Referring expression grounding data

··········

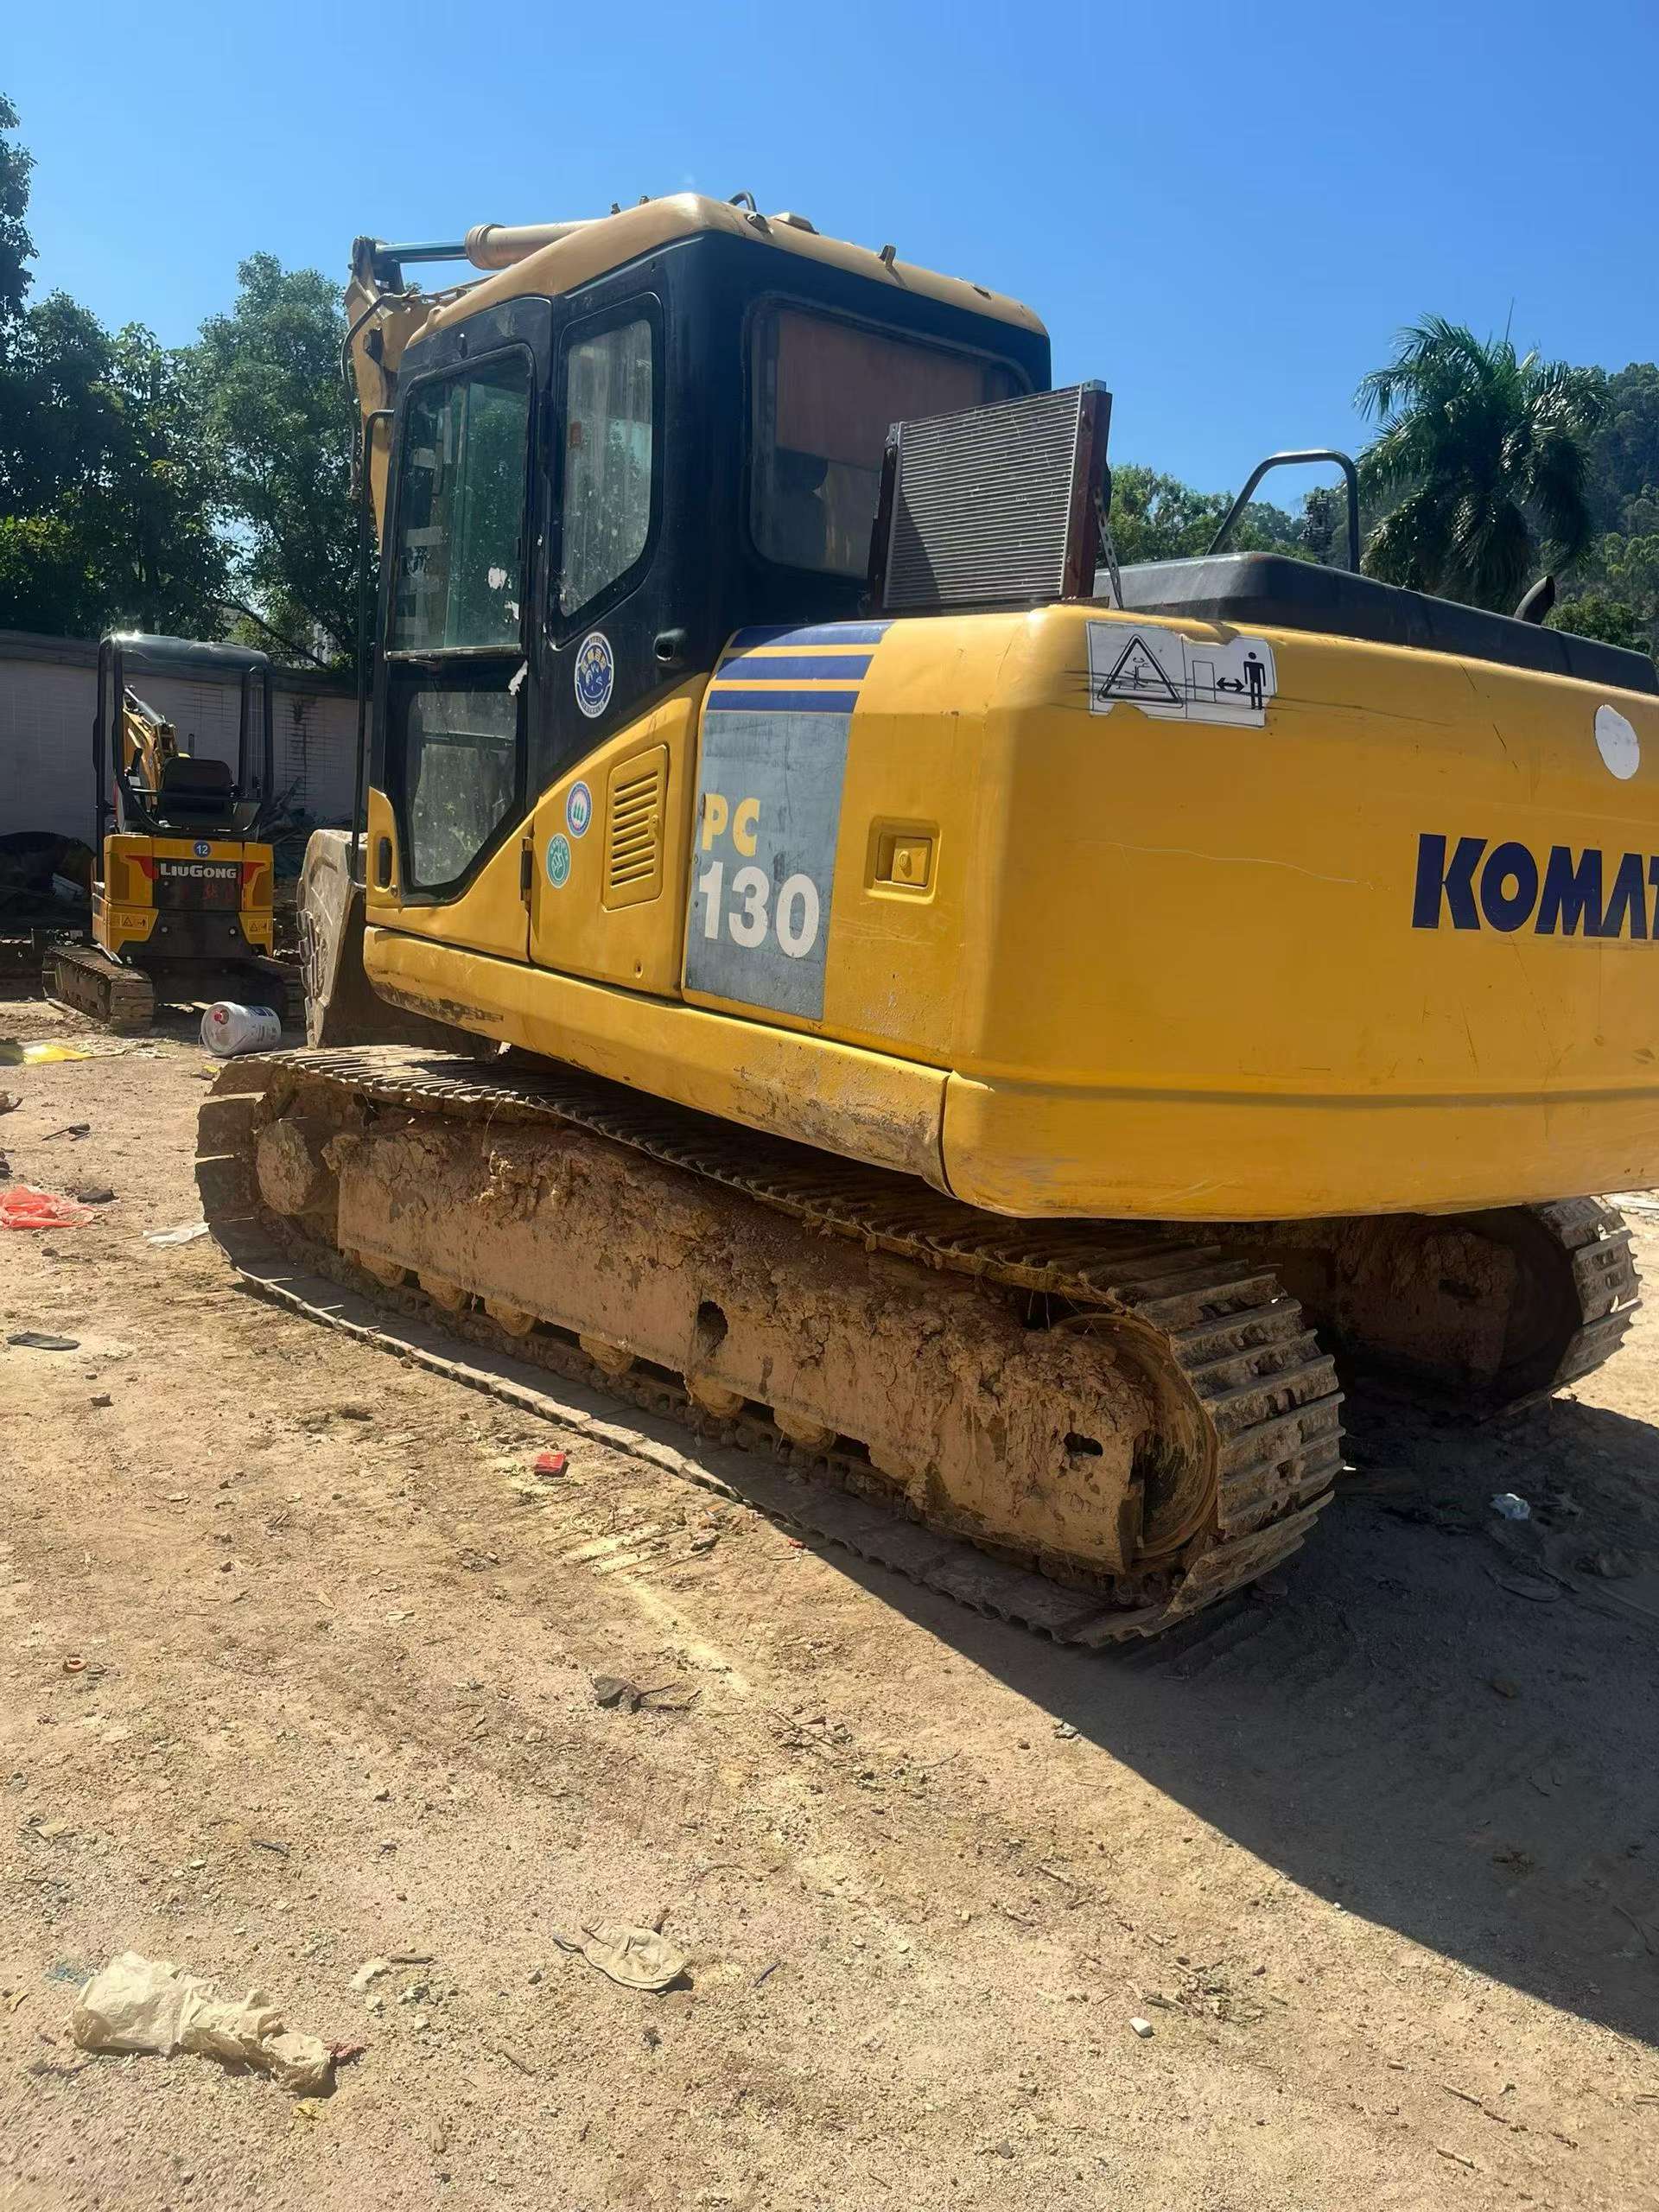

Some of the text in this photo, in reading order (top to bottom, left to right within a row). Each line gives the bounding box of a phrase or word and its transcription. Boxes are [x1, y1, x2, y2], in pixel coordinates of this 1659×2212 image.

[196, 844, 208, 855] 12
[702, 793, 761, 857] PC
[699, 861, 820, 958] 130
[1412, 833, 1659, 940] KOMA

··········

- _Problem details_: Leaving out the images, return the entries above exactly as they read.

- _Final answer_:
Some of the text in this photo, in reading order (top to bottom, left to right within a row). Each line gives the bounding box of a phrase or word and its transcription. Boxes are [x1, y1, x2, y2], in pixel coordinates of this 1659×2212 image.

[196, 844, 208, 855] 12
[702, 793, 761, 857] PC
[699, 861, 820, 958] 130
[1412, 833, 1659, 940] KOMA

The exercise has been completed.